'''
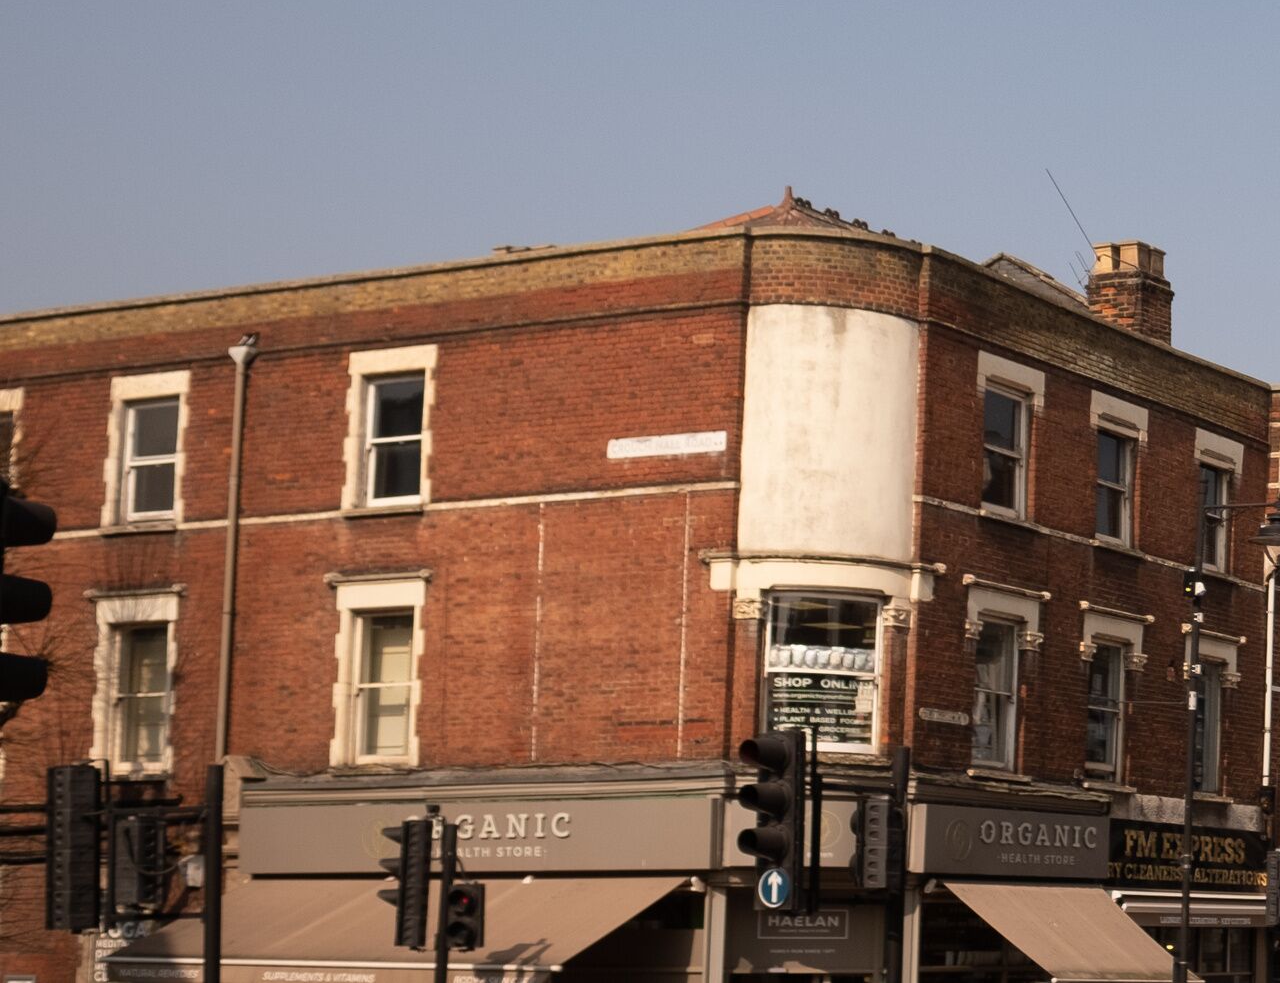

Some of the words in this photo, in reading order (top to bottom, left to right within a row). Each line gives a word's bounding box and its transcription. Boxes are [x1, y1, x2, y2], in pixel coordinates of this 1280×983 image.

[773, 677, 813, 688] SHOP
[980, 820, 1097, 849] ORGANIC
[1124, 829, 1157, 858] FM
[434, 846, 491, 858] HALTH
[496, 846, 542, 857] STORE
[1001, 853, 1041, 864] HEALTH
[1044, 855, 1076, 866] STORE
[1124, 863, 1185, 881] CLEANERS
[1193, 867, 1268, 886] ALTERATIONS
[768, 916, 839, 927] HAELAN
[262, 971, 324, 981] SUPPLEMENTS
[332, 973, 376, 983] VITAMINS
'''
### WHAT TO PRODUCE
All entries must be output exactly as they stand, and every picture must be left out.

### ANSWER TO THE EXERCISE
Some of the words in this photo, in reading order (top to bottom, left to right within a row). Each line gives a word's bounding box and its transcription. Boxes are [x1, y1, x2, y2], in pixel coordinates of this 1280×983 image.

[773, 677, 813, 688] SHOP
[980, 820, 1097, 849] ORGANIC
[1124, 829, 1157, 858] FM
[434, 846, 491, 858] HALTH
[496, 846, 542, 857] STORE
[1001, 853, 1041, 864] HEALTH
[1044, 855, 1076, 866] STORE
[1124, 863, 1185, 881] CLEANERS
[1193, 867, 1268, 886] ALTERATIONS
[768, 916, 839, 927] HAELAN
[262, 971, 324, 981] SUPPLEMENTS
[332, 973, 376, 983] VITAMINS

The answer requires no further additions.